Records supplied Block Start

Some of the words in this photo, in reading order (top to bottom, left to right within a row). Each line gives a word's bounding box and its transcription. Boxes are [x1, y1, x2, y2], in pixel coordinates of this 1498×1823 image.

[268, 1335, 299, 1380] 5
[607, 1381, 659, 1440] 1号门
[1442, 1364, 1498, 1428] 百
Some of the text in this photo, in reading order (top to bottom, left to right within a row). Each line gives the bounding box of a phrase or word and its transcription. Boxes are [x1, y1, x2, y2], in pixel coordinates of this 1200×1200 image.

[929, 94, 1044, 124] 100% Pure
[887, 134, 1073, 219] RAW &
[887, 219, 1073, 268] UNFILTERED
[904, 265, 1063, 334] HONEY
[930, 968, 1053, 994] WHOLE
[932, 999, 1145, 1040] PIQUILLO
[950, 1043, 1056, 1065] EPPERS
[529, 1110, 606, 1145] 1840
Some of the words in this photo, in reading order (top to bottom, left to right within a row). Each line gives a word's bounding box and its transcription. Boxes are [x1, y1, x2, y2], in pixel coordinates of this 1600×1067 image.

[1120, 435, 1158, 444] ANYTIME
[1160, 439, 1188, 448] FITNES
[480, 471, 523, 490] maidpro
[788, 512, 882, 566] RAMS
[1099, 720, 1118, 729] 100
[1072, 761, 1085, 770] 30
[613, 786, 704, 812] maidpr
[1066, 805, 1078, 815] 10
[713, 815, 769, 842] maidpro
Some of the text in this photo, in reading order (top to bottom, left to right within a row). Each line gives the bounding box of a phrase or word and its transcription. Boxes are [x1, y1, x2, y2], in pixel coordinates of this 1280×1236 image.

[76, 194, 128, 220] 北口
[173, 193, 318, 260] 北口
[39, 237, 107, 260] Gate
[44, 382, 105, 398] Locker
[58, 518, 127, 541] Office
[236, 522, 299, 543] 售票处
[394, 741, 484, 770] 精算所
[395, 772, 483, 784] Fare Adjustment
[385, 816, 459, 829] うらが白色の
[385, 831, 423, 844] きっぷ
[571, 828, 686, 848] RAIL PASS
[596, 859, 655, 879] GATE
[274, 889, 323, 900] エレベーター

Records supplied Block End

▶ _Work item_
All of the entries must be given again, word for word.

▶ _Task response_
Some of the words in this photo, in reading order (top to bottom, left to right within a row). Each line gives a word's bounding box and its transcription. Boxes are [x1, y1, x2, y2], in pixel coordinates of this 1498×1823 image.

[268, 1335, 299, 1380] 5
[607, 1381, 659, 1440] 1号门
[1442, 1364, 1498, 1428] 百
Some of the text in this photo, in reading order (top to bottom, left to right within a row). Each line gives the bounding box of a phrase or word and its transcription. Boxes are [x1, y1, x2, y2], in pixel coordinates of this 1200×1200 image.

[929, 94, 1044, 124] 100% Pure
[887, 134, 1073, 219] RAW &
[887, 219, 1073, 268] UNFILTERED
[904, 265, 1063, 334] HONEY
[930, 968, 1053, 994] WHOLE
[932, 999, 1145, 1040] PIQUILLO
[950, 1043, 1056, 1065] EPPERS
[529, 1110, 606, 1145] 1840
Some of the words in this photo, in reading order (top to bottom, left to right within a row). Each line gives a word's bounding box and its transcription. Boxes are [x1, y1, x2, y2], in pixel coordinates of this 1600×1067 image.

[1120, 435, 1158, 444] ANYTIME
[1160, 439, 1188, 448] FITNES
[480, 471, 523, 490] maidpro
[788, 512, 882, 566] RAMS
[1099, 720, 1118, 729] 100
[1072, 761, 1085, 770] 30
[613, 786, 704, 812] maidpr
[1066, 805, 1078, 815] 10
[713, 815, 769, 842] maidpro
Some of the text in this photo, in reading order (top to bottom, left to right within a row). Each line gives the bounding box of a phrase or word and its transcription. Boxes are [x1, y1, x2, y2], in pixel coordinates of this 1280×1236 image.

[76, 194, 128, 220] 北口
[173, 193, 318, 260] 北口
[39, 237, 107, 260] Gate
[44, 382, 105, 398] Locker
[58, 518, 127, 541] Office
[236, 522, 299, 543] 售票处
[394, 741, 484, 770] 精算所
[395, 772, 483, 784] Fare Adjustment
[385, 816, 459, 829] うらが白色の
[385, 831, 423, 844] きっぷ
[571, 828, 686, 848] RAIL PASS
[596, 859, 655, 879] GATE
[274, 889, 323, 900] エレベーター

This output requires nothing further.